**Brief:**
Output the entries as they appear, skipping images.

**Entries shown:**
※

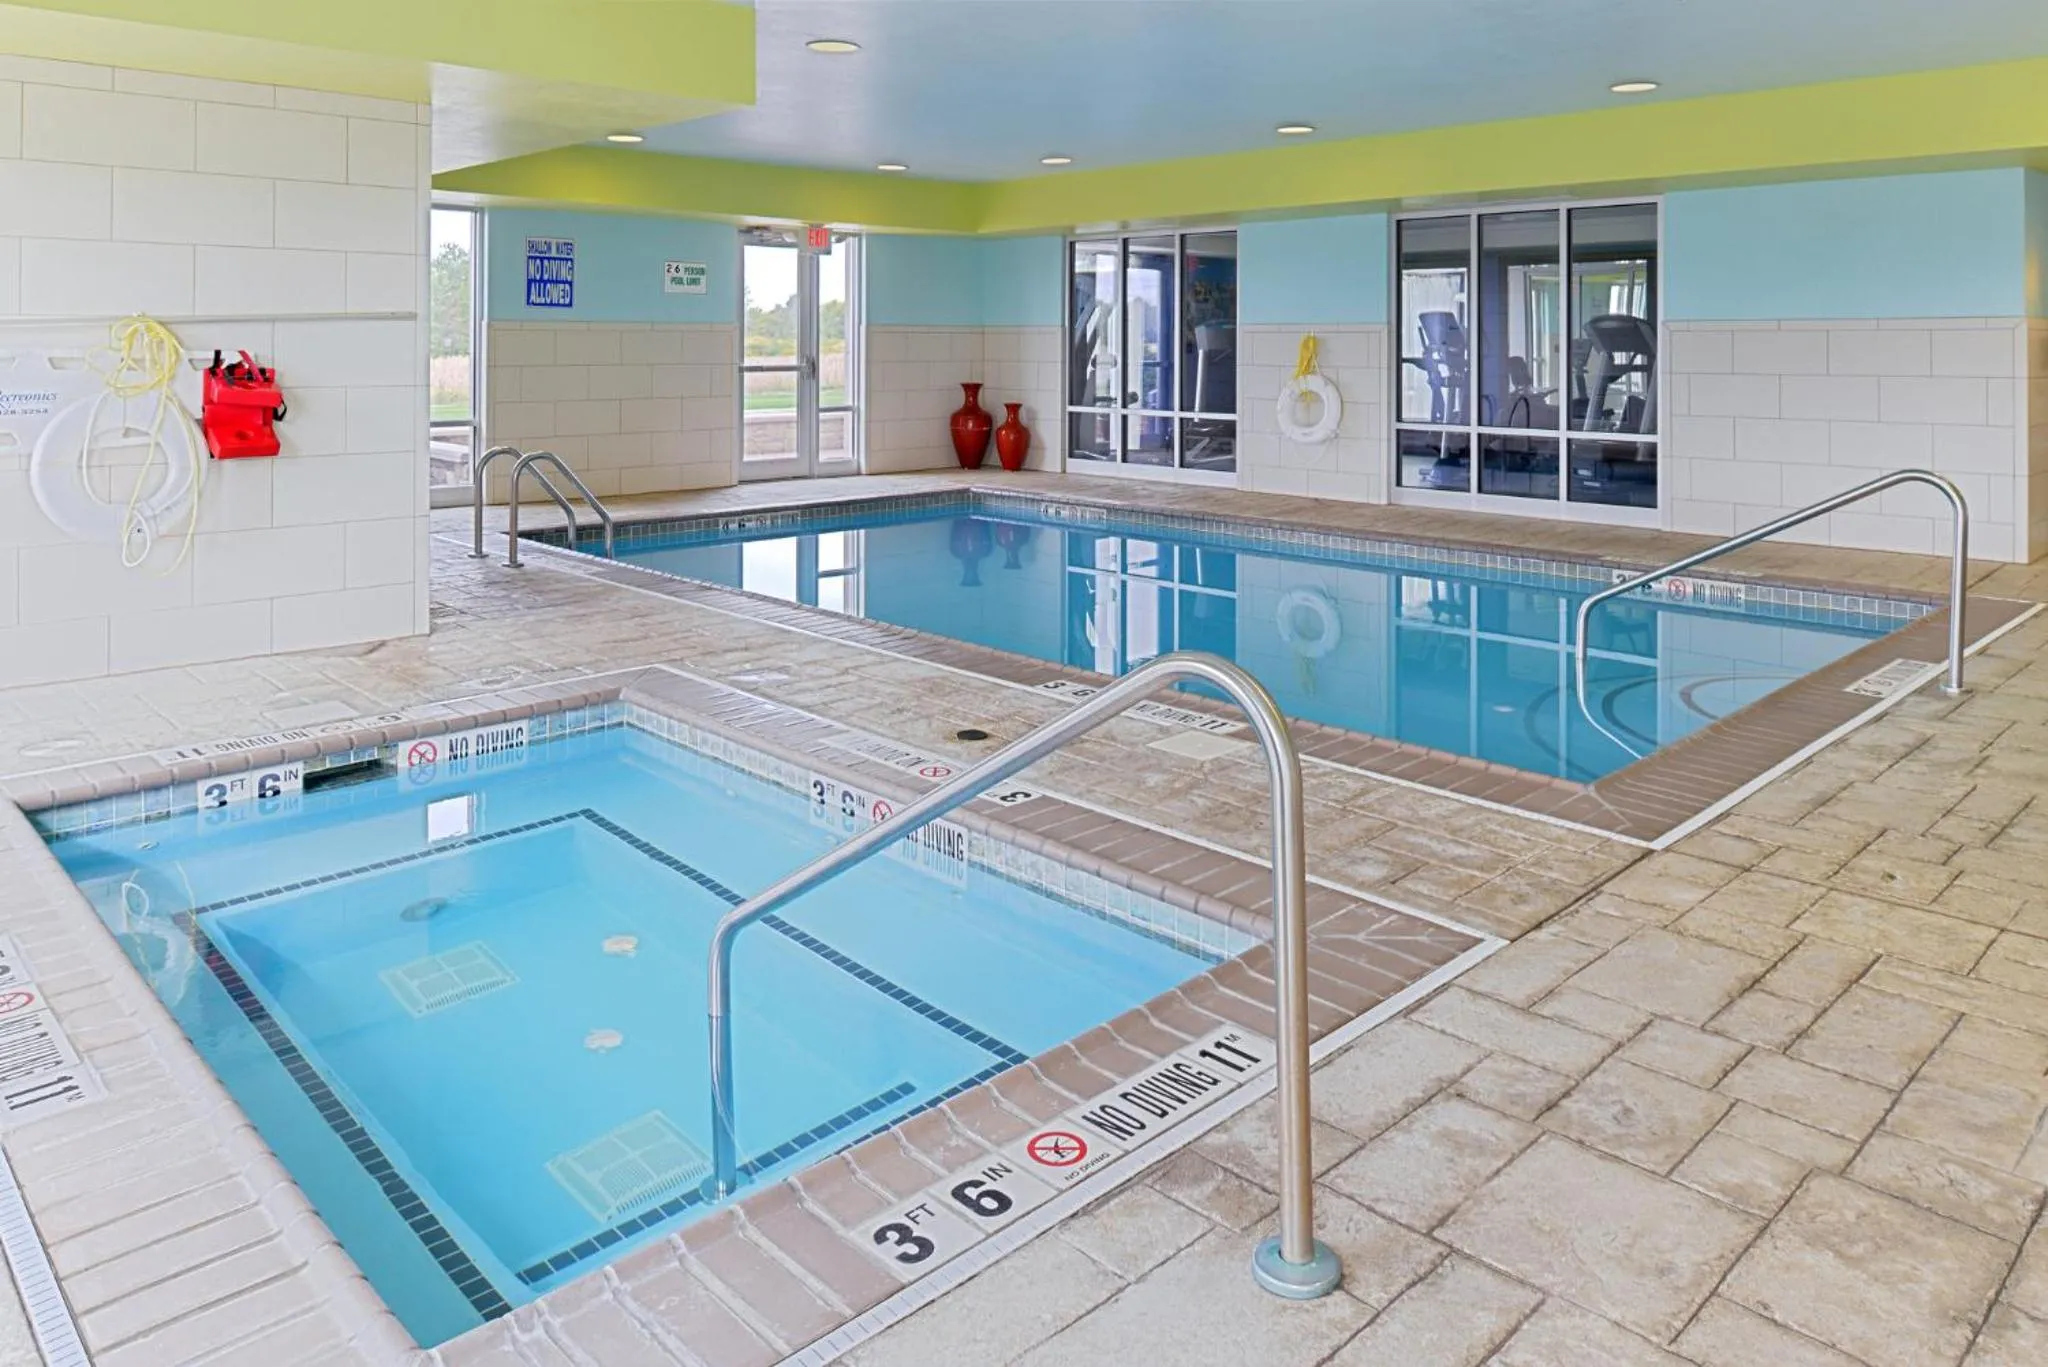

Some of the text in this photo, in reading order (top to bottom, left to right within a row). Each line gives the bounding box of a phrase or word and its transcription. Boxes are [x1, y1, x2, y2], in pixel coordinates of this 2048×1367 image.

[528, 240, 573, 256] SHALLOW WATER
[808, 228, 828, 248] EXIT
[528, 258, 573, 282] NO DIVING
[529, 282, 571, 305] ALLOWED
[215, 734, 279, 752] DIVING
[448, 726, 525, 761] NO DIVING
[205, 767, 299, 809] 3 FT 6 IN
[923, 821, 964, 862] DIVING
[1081, 1104, 1147, 1142] NO
[1118, 1062, 1222, 1119] DIVING
[1198, 1040, 1262, 1074] 1.1
[1064, 1151, 1111, 1182] NO DIVING
[873, 1162, 1014, 1265] 3 FT 6 IN
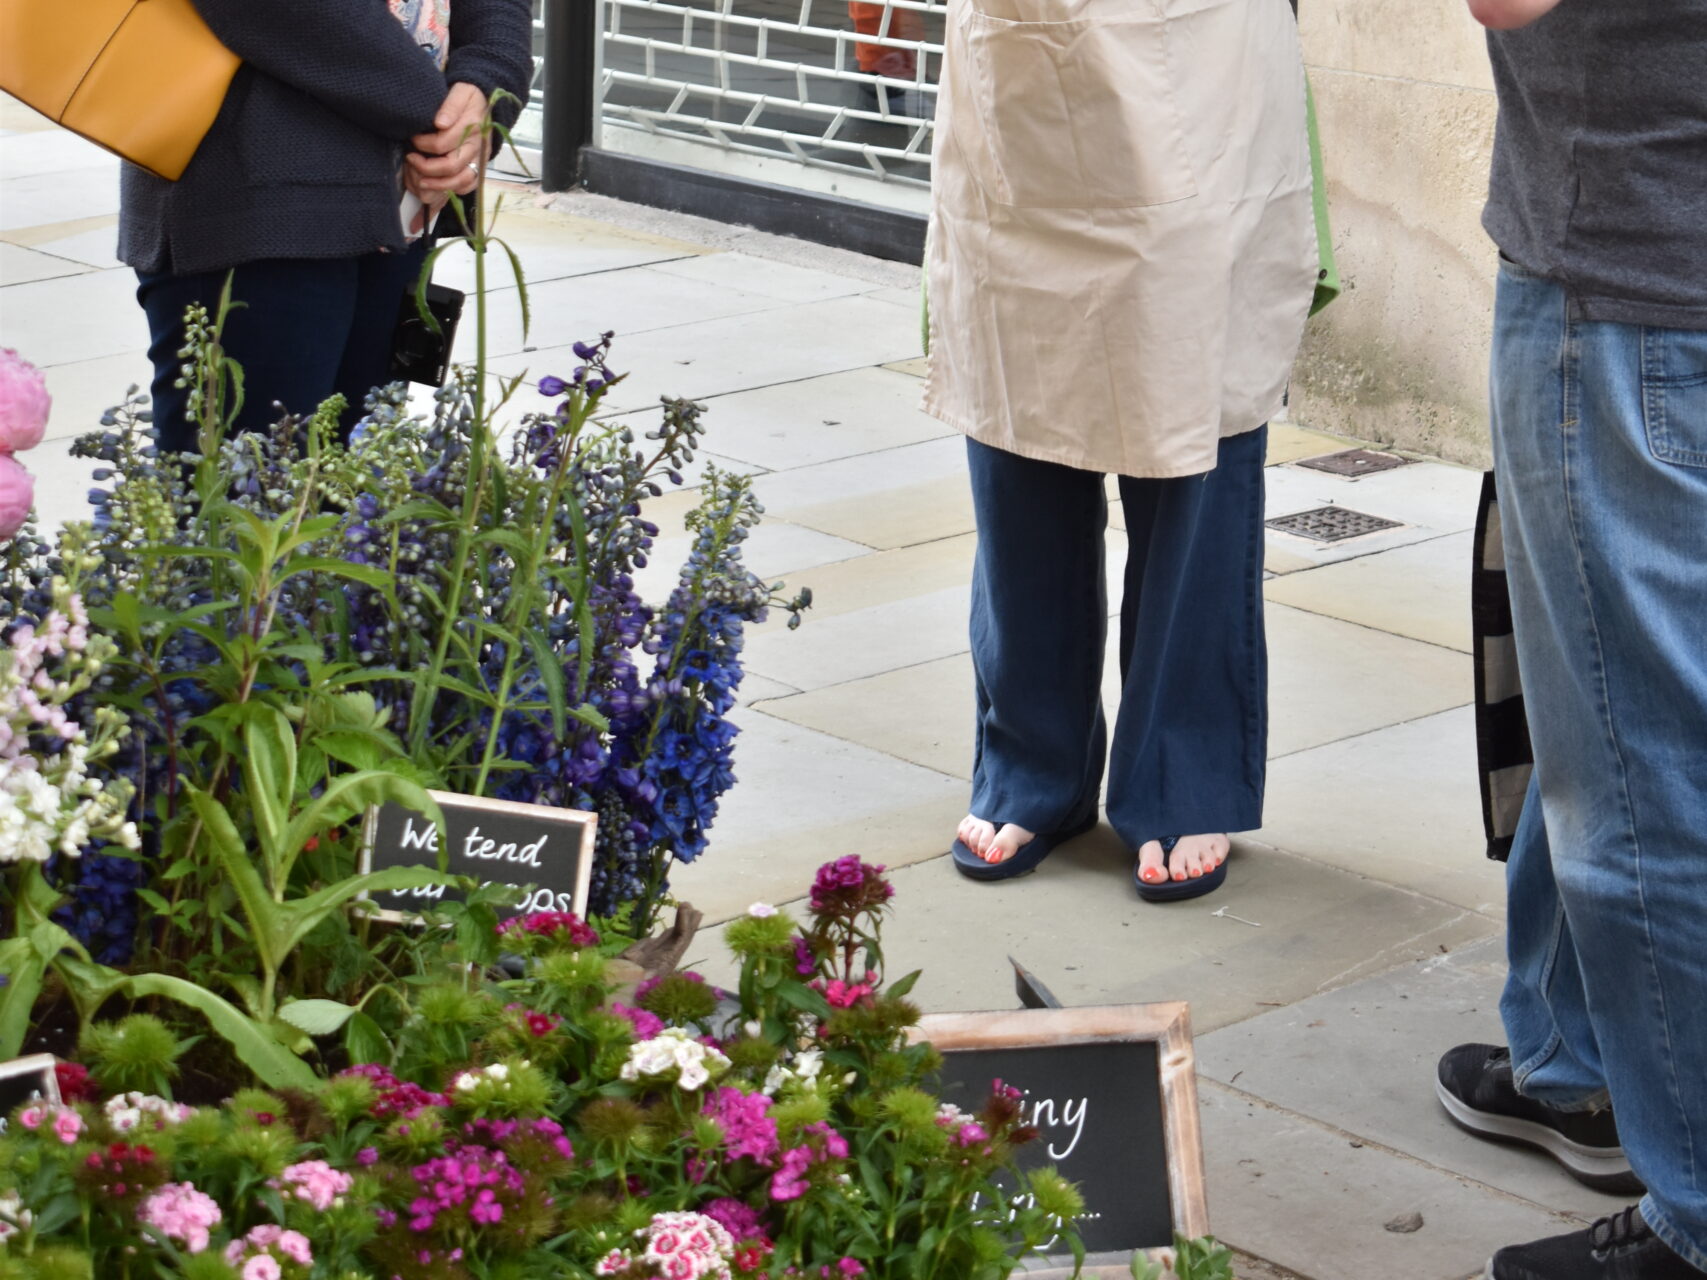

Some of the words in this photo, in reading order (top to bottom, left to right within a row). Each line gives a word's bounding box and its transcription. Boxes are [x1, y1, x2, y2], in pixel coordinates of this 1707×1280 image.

[400, 817, 440, 852] We
[463, 826, 548, 868] tend
[1003, 1083, 1088, 1160] iny

※

**Answer section:**
Some of the text in this photo, in reading order (top to bottom, left to right within a row). Each line gives the bounding box of a phrase or word and its transcription. Boxes are [x1, y1, x2, y2], in pixel coordinates of this 2048×1367 image.

[528, 240, 573, 256] SHALLOW WATER
[808, 228, 828, 248] EXIT
[528, 258, 573, 282] NO DIVING
[529, 282, 571, 305] ALLOWED
[215, 734, 279, 752] DIVING
[448, 726, 525, 761] NO DIVING
[205, 767, 299, 809] 3 FT 6 IN
[923, 821, 964, 862] DIVING
[1081, 1104, 1147, 1142] NO
[1118, 1062, 1222, 1119] DIVING
[1198, 1040, 1262, 1074] 1.1
[1064, 1151, 1111, 1182] NO DIVING
[873, 1162, 1014, 1265] 3 FT 6 IN

Some of the words in this photo, in reading order (top to bottom, left to right within a row). Each line gives a word's bounding box and its transcription. Boxes are [x1, y1, x2, y2], in pixel coordinates of this 1707×1280 image.

[400, 817, 440, 852] We
[463, 826, 548, 868] tend
[1003, 1083, 1088, 1160] iny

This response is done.